For most, spring fever is a restless feeling, the anticipation of good weather and later evenings and spring blooms. Others of us have a more literal interpretation that involves a sore throat, sinus pain and a crazy tickling cough. Here is a fresh soup that will help quell either type. The sweet corn flavor holds the promise of summer, but it's warm and soothing in case your merry month of May includes 40 degree weather and a fistful of tissues.
adapted from Barefoot Contessa Family Style
1 T olive oil
1 large onion (approximately 2 C)
1.5 T butter
2 T flour (use brown rice powder to make gf)
3 C potatoes diced
4 C chicken or vegetable broth
1 package frozen corn
1 C milk
1 C grated cheddar cheese (shred your own or carefully check labeling to make gluten-free, not all shredded cheeses are).

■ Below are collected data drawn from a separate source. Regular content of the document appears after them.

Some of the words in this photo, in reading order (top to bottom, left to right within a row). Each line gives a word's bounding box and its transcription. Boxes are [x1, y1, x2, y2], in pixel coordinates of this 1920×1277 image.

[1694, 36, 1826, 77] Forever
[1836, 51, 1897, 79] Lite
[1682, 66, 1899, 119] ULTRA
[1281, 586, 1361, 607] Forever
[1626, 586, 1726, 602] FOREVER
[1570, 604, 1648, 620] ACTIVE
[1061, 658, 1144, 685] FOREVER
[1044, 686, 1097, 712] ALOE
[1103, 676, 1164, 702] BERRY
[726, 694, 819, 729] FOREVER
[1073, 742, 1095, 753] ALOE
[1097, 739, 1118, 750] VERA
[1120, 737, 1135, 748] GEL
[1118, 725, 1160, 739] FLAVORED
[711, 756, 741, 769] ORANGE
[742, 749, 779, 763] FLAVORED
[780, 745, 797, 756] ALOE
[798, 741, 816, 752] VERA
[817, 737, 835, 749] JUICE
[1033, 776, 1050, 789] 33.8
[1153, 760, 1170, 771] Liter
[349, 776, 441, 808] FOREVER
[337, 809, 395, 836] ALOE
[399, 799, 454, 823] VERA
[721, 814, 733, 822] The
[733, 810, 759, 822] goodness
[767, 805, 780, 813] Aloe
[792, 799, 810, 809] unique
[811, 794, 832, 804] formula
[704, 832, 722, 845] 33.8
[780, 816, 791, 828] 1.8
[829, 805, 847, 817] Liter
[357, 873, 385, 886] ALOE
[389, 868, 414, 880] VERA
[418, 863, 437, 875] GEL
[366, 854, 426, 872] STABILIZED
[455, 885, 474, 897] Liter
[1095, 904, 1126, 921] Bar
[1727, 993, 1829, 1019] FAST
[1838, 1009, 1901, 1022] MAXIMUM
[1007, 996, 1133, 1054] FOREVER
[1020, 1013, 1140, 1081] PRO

Pour the olive oil in a large pot. Add the onions and cook for 5-7 minutes. Add the butter and the flour stir together. Cook for 2-3 minutes so that the flour is cooked. Add the broth and the potatoes and cook for 15 minutes or until the potatoes are tender. Add the frozen corn and the milk and cook for 5 more minutes. Stir in the cheese as a topping. If you want to get creative, you can add bacon as a topper or even crab.